- [Exercise description] When you restate the data, keep every word as it is and drop the images.

====

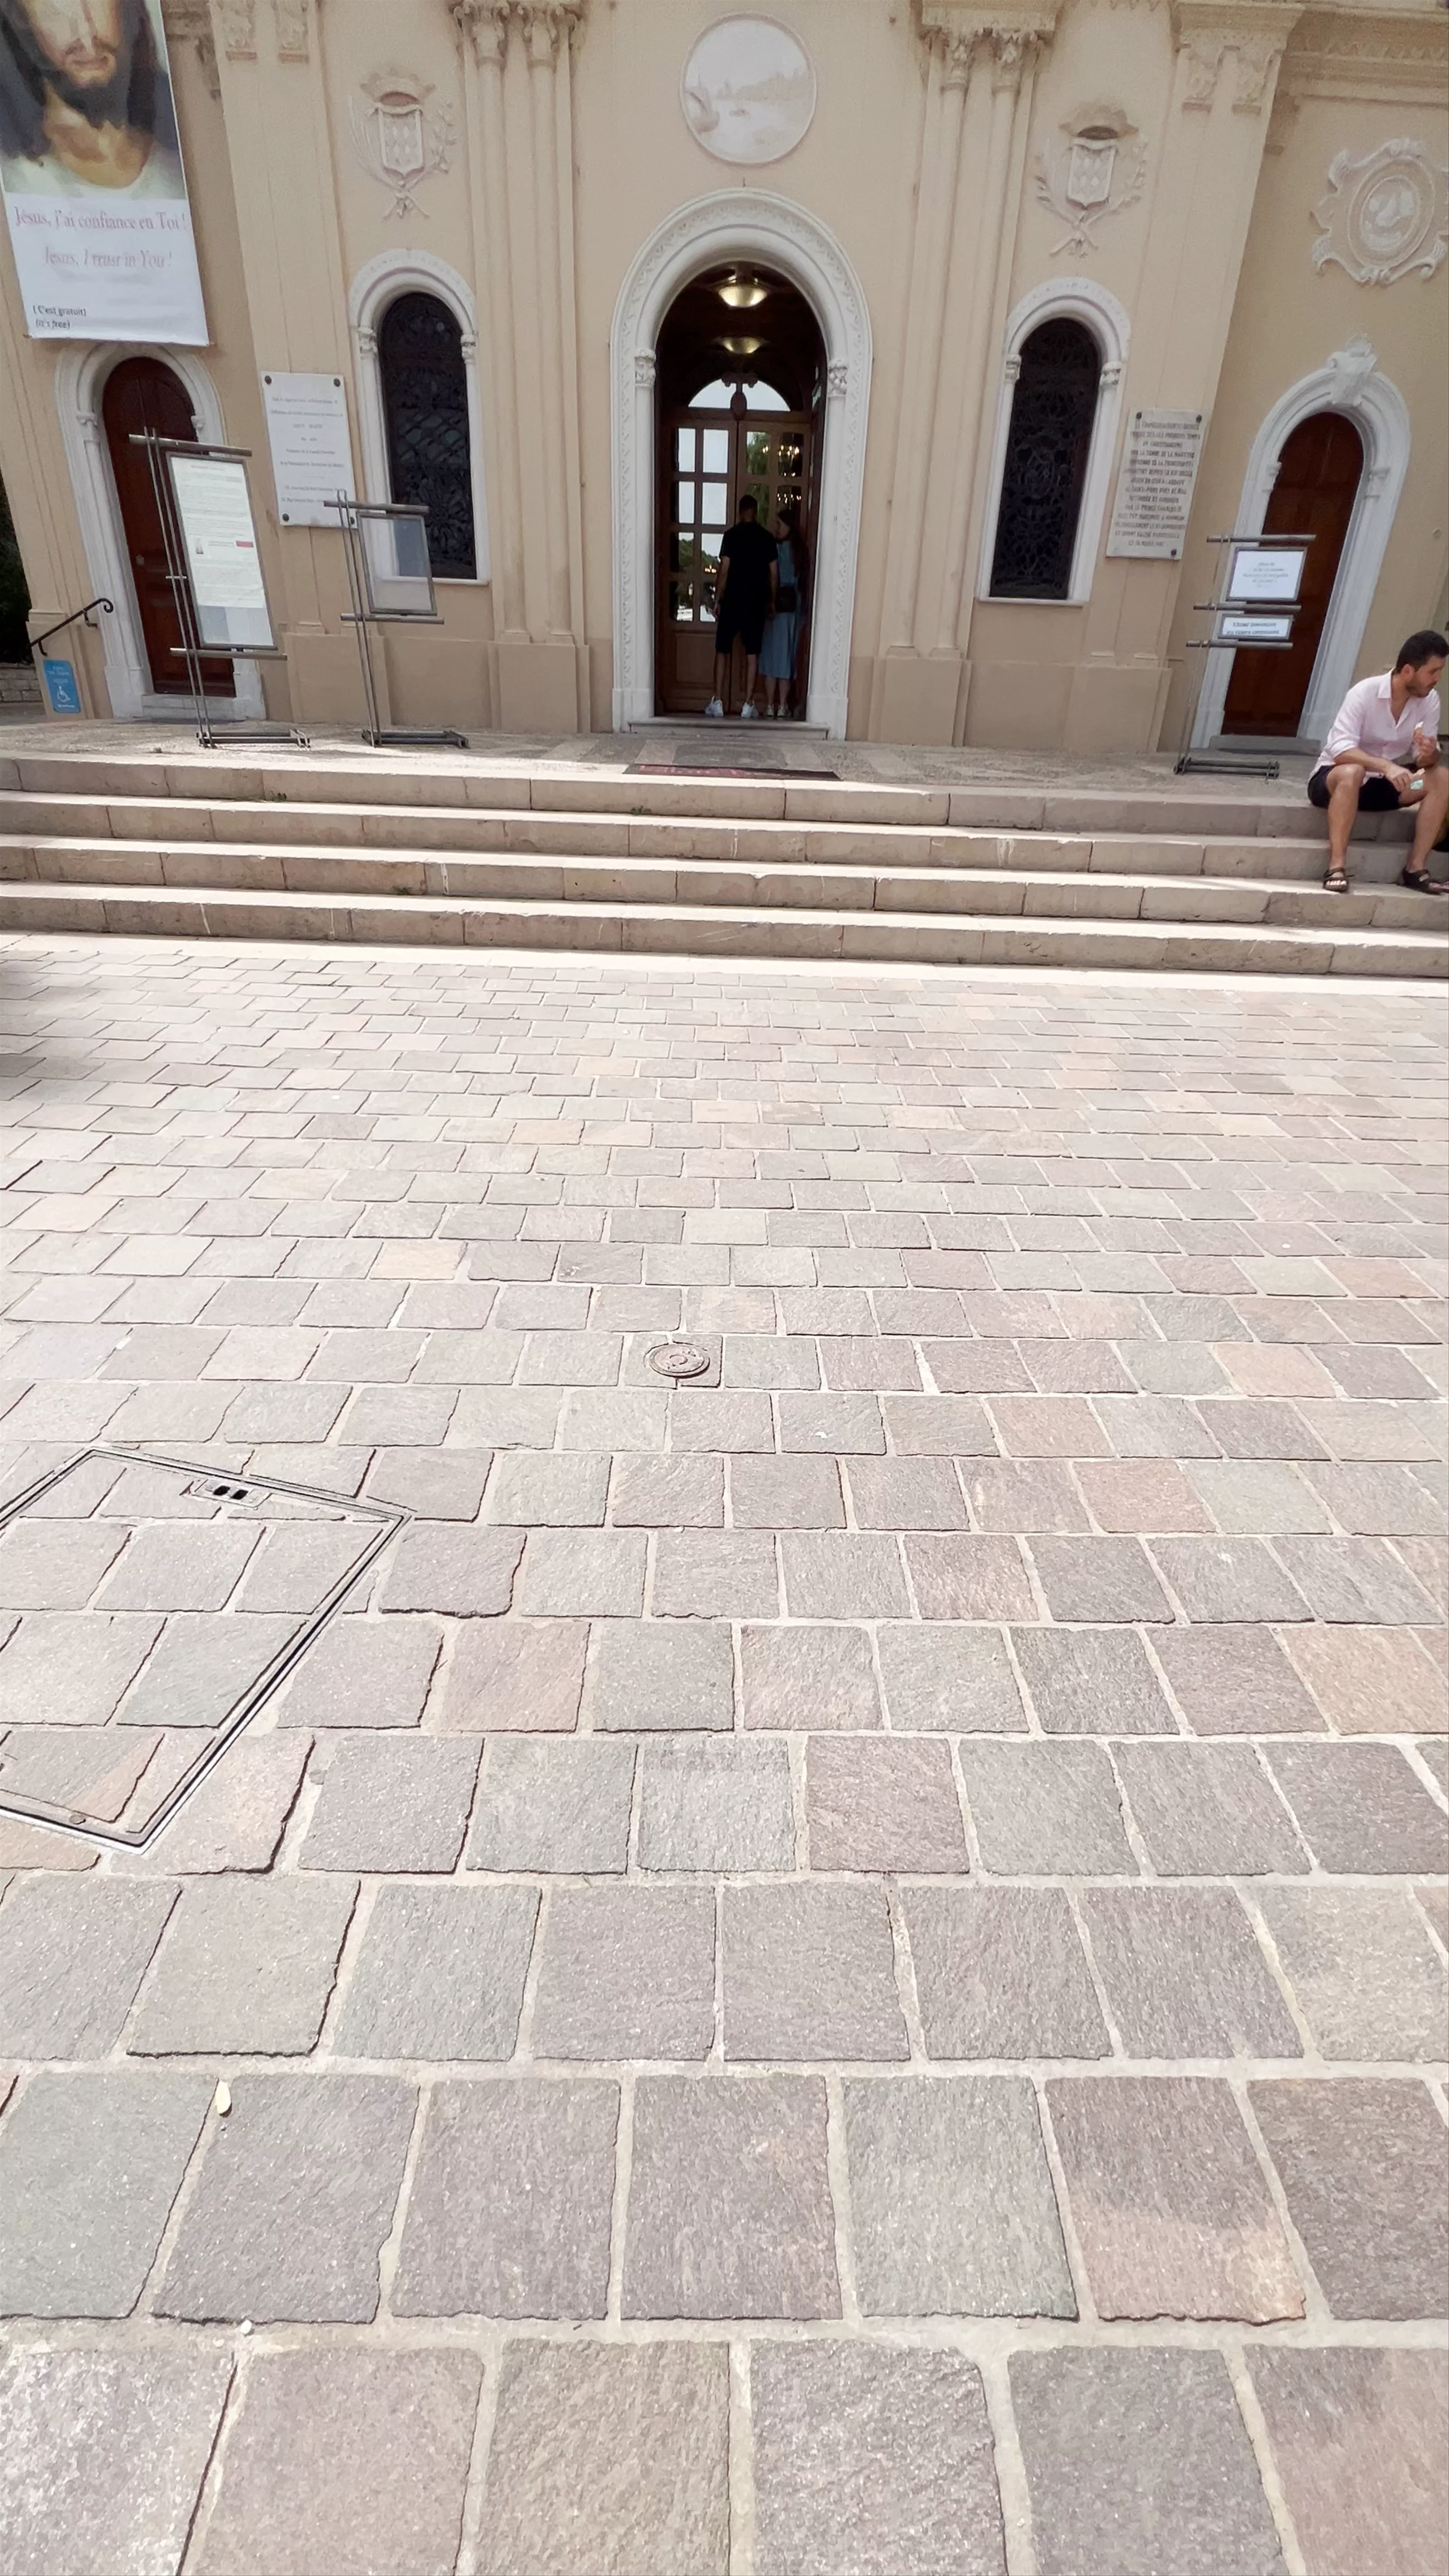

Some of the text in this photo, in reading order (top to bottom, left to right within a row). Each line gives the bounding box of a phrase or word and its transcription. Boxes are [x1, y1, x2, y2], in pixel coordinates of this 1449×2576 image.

[78, 211, 136, 229] confiance
[138, 217, 154, 230] en
[155, 211, 180, 231] Toi
[92, 253, 121, 267] trust
[124, 252, 136, 268] in
[139, 249, 165, 269] You

====

- [Answer box]
Some of the text in this photo, in reading order (top to bottom, left to right within a row). Each line gives the bounding box of a phrase or word and its transcription. Boxes are [x1, y1, x2, y2], in pixel coordinates of this 1449×2576 image.

[78, 211, 136, 229] confiance
[138, 217, 154, 230] en
[155, 211, 180, 231] Toi
[92, 253, 121, 267] trust
[124, 252, 136, 268] in
[139, 249, 165, 269] You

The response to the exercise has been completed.